Update Qwen3.5 FP4 MI355X MTP recipe with tuned env/flags#1957
amd-fuyuajin wants to merge 1 commit into
mainfrom
perf/qwen3.5-fp4-mi355x-mtp-recipe

Conversation

@amd-fuyuajin

Copy link
Copy Markdown
Collaborator

Summary

Updates the Qwen3.5-397B-A17B-MXFP4 MI355X MTP launch recipe
(benchmarks/single_node/fixed_seq_len/qwen3.5_fp4_mi355x_mtp.sh) with a tuned,
env/flags-only configuration. The change is +4–11% throughput across the
concurrency sweep, with lower TPOT and p99 TTFT, and it unlocks concurrency 256
(where the current script OOMs) — at no accuracy cost.

Scope: environment variables and server flags only.
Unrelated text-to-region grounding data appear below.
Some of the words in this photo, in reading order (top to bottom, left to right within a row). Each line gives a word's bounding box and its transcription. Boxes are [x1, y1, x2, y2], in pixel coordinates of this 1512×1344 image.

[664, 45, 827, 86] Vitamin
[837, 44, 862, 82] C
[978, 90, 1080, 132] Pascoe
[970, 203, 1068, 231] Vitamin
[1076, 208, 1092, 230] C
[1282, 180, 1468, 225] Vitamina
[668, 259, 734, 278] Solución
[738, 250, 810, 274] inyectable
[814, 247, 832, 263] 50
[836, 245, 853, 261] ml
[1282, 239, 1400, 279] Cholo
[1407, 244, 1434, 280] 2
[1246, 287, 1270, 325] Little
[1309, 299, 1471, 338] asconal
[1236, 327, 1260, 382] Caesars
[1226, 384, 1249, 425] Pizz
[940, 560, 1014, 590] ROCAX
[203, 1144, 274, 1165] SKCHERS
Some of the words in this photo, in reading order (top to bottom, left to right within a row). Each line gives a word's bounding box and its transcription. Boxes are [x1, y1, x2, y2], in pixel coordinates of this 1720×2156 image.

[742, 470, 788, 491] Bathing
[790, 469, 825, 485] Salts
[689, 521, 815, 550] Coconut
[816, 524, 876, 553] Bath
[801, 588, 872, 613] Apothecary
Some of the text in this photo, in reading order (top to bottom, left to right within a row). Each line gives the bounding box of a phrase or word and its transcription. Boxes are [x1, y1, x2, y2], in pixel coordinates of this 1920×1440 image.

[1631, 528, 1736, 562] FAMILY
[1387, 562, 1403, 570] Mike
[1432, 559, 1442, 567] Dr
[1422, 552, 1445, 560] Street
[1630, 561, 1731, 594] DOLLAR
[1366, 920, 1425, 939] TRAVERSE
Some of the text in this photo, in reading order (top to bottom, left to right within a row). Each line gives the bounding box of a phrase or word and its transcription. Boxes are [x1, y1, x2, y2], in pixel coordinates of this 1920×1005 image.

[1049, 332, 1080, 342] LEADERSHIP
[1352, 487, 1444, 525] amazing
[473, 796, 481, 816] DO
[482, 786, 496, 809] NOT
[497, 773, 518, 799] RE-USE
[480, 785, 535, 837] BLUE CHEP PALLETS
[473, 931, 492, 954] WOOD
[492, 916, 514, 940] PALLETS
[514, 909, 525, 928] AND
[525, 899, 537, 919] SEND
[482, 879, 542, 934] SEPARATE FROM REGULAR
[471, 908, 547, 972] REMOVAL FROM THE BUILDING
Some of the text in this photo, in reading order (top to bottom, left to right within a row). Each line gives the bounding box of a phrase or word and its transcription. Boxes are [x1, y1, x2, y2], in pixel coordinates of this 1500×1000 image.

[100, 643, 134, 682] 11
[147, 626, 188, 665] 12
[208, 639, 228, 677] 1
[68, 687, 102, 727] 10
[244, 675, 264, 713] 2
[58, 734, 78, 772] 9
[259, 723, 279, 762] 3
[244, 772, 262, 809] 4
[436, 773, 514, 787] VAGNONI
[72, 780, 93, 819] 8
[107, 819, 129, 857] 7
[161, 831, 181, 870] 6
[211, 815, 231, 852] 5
Tuned AITER kernel CSVs and
SGLang source patches are intentionally out of scope here and will be upstreamed
to their respective repos (aiter / sglang).

What changed

qwen3.5_fp4_mi355x_mtp.sh (single file):

  • Speculative algorithm EAGLE → NEXTN (built-in MTP head on the ROCm-hardened
    spec-v1 chain path); add SGLANG_ENABLE_SPEC_V2=0.
  • Add ROCM_QUICK_REDUCE_QUANTIZATION=INT4 and AITER_AR_1STAGE=1
    (INT4 quick-reduce + single-stage AITER AllReduce — reduces TP=2 AllReduce latency).
  • Add --enable-dp-attention, --mamba-ssm-dtype bfloat16,
    --disable-shared-experts-fusion.
  • --mem-fraction-static 0.8 → 0.85.
  • Drop SGLANG_USE_AITER_UNIFIED_ATTN, AITER_FLYDSL_FORCE,
    --enable-aiter-allreduce-fusion, --page-size 16.
  • Guard hf download so local (absolute-path) model dirs are not re-downloaded.

A/B results

Qwen3.5-397B-A17B-MXFP4, MI355X, TP=2, ISL=OSL=1024. Arm A = current main script,
Arm B = this recipe. Stock image sglang-hyperloom-env:v1 (no tuned CSVs present —
isolates the env/flags layer). 3 interleaved passes per point, server torn down
between runs; values are the per-point median (run-to-run CV ≤ ~1%).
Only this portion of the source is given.